3. Why does print(a) give <function outer.<locals>.inner at 0x109bd0048>?:

   • a is now a reference to the inner function. It’s a function object that resides in the local scope of outer. This is why the repr (representation) of a looks like outer.<locals>.inner, indicating that it's the inner function inside outer.
   • The hexadecimal number (0x109bd0048) is simply the memory address where the function is stored, which you see in the output.

What about this code?

a = outer('outer arg') inner('inner arg')

This is not valid syntax in Python. In Python, functions are called with parentheses, so a = outer('outer arg') inner('inner arg') would lead to a TypeError because the interpreter expects inner('inner arg') to be a function call, but the way it's written suggests you're trying to apply two functions in a way that isn't syntactically correct.

The Magic Behind It:

The "magic" happens because closures allow the inner function (inner) to "remember" its lexical environment, which includes the variables from the enclosing scope (outer in this case). When you assign the inner function to a, you are effectively getting a function that is bound to its lexical scope (i.e., arg from outer). This is implicit in how closures work, but it’s not exactly "magical" — it's a well-defined feature of Python's function handling.

Where's the Source Code Behind This?

If you're looking for the Python implementation details, the logic of closures is built into the core of Python. It's part of how Python handles function objects, scoping, and environments.

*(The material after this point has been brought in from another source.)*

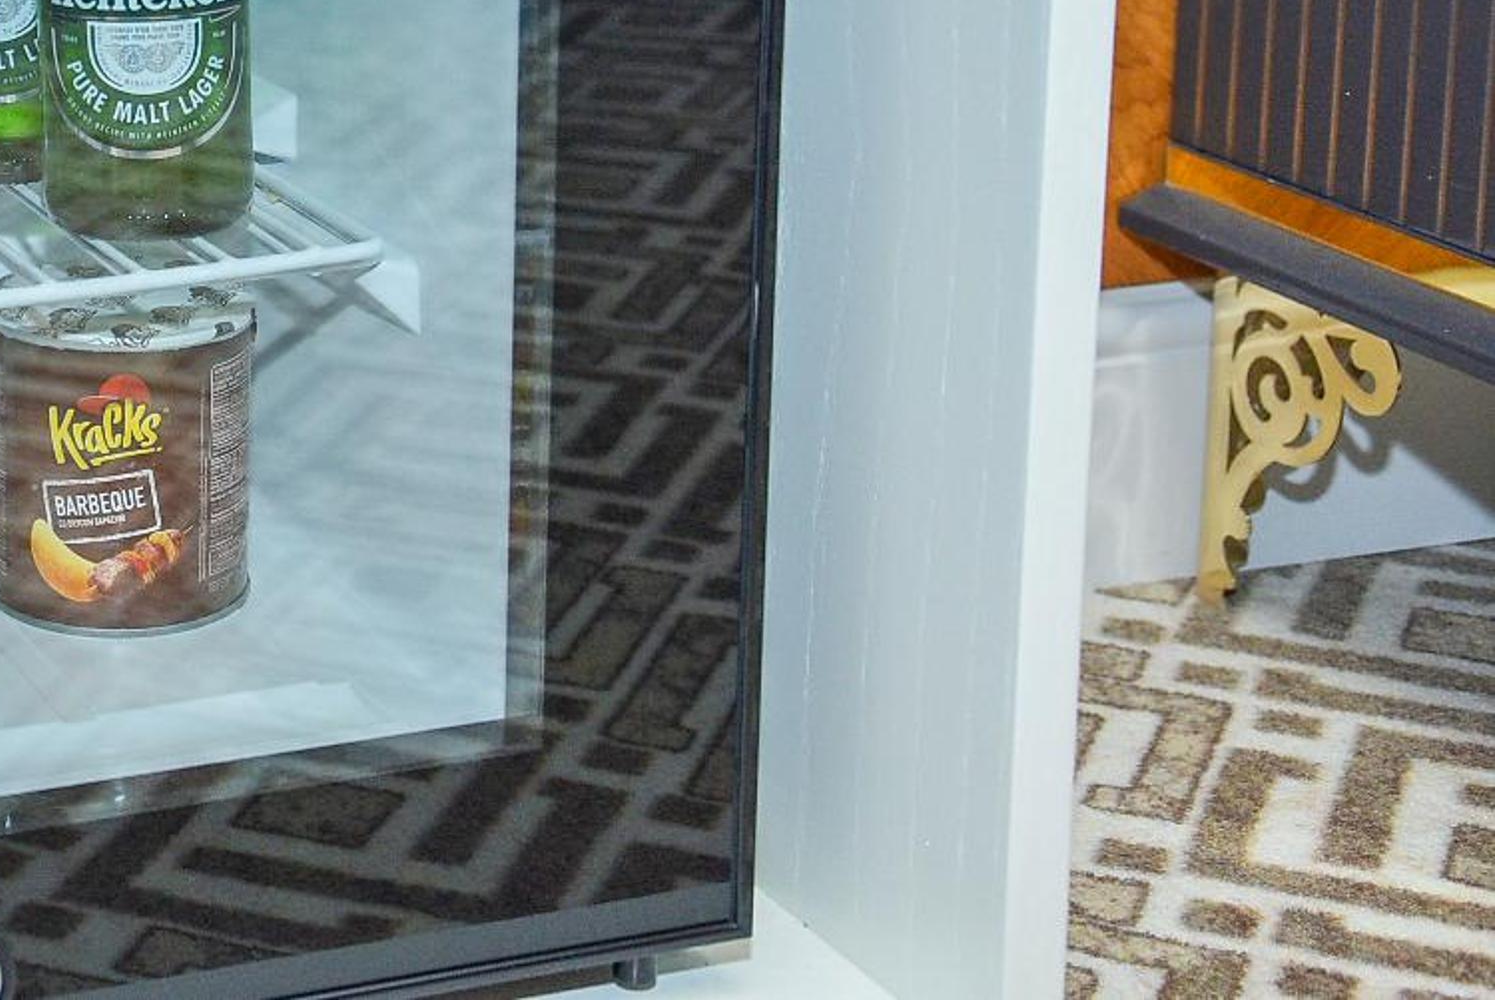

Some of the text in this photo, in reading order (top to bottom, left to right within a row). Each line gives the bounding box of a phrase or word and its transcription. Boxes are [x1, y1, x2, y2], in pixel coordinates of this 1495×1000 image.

The source code related to closures can be found in the Python interpreter's function handling and evaluation code, primarily in the ceval.c file in CPython (the standard Python implementation).

To see the exact details, you can look at the CPython GitHub repository or explore the Python documentation on closures.

To Summarize:

• Python closures: Inner functions have access to variables in their enclosing scope, even after the outer function has returned.
• a('inner arg'): When you assign a = outer('outer arg'), a becomes a reference to the inner function. Calling a('inner arg') is effectively calling inner('inner arg'), where inner has access to arg from the outer scope (via closure).
• The magic: The "magic" is really just the closure concept, where the inner function retains access to its surrounding lexical environment.

I hope that clears up the confusion! Let me know if you need more details.